As you are caring for yourself you may also be called upon to help someone who shares their experience with you. You don’t have to be an expert to support someone. All you have to do is listen. Listen without judgment. Listen with an open heart. Here are a few tips that can help you feel more confident.

Listen. Validate. Ask what more you can do to help. 

In listening to a person's story, your response can have an enormous impact on that person’s healing journey. Although you can never take away what happened to someone, you can be a source of comfort. Just remember, if someone shares their story with you, that means you’re probably already a person they look to for support, compassion, and guidance. Supporting someone does not have to mean listening to or sharing the details of what happened, but it can mean connecting to that person’s experience now. You just have to be yourself. 

Know where to point someone to for more help.

You can best help the survivor by offering options and leaving space for them to decide where to go from there.

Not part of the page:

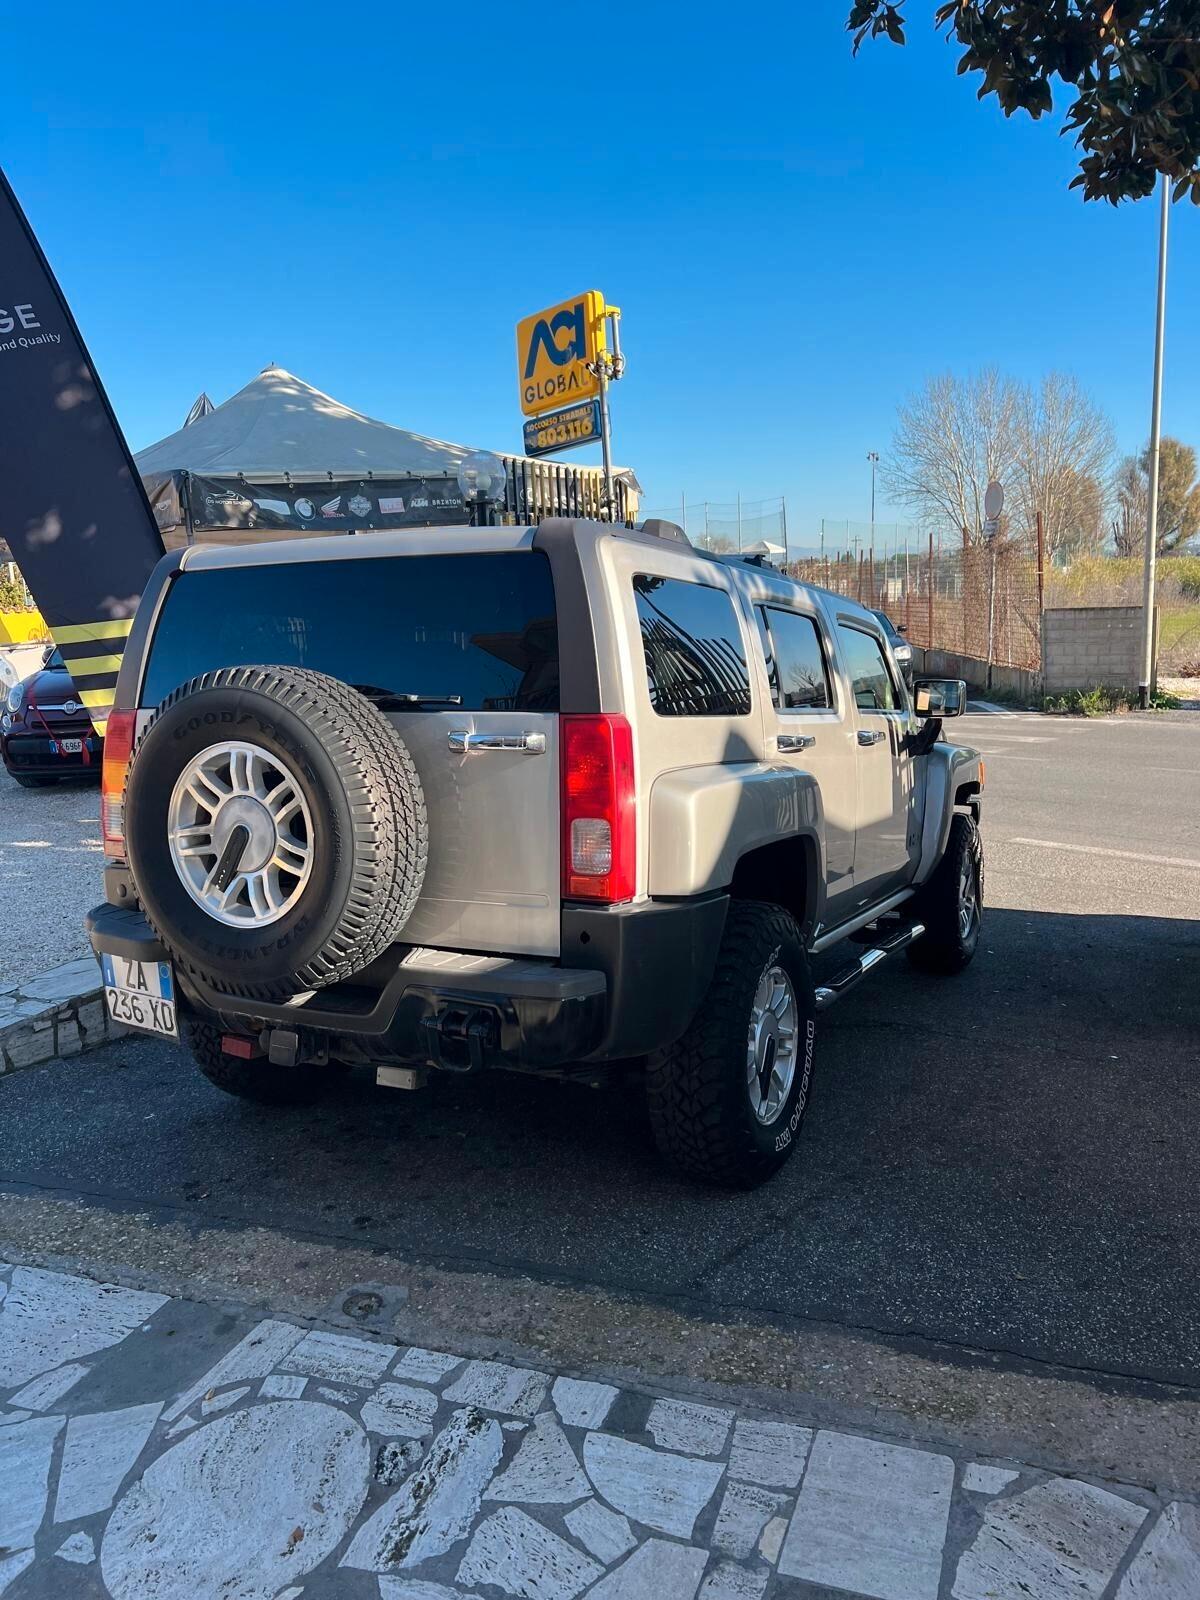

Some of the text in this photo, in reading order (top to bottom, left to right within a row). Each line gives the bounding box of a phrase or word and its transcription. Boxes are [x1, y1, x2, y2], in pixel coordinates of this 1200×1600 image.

Here are some national resources—services that can point someone to local resources in your area.

If you or someone you know needs help, please contact:

Rape, Abuse and Incest National Network
1 (800) 656-4673 | www.rainn.org

National Domestic Violence Hotline
1 (800) 799-7233 | www.ndvh.org

National Teen Dating Abuse Helpline
1 (866) 331-9474 | www.loveisrespect.org

National Suicide Prevention Lifeline
1 (800) 273-8255 | www.suicidepreventionlifeline.org

If you are in immediate danger, please call 911.

As I have said so many times before, it matters deeply how we respond to these issues—and we all have a role to play in creating a society that supports survivors and doesn’t tolerate sexual assault.

Remember you can be your best self for someone else when you give yourself space to honor your needs.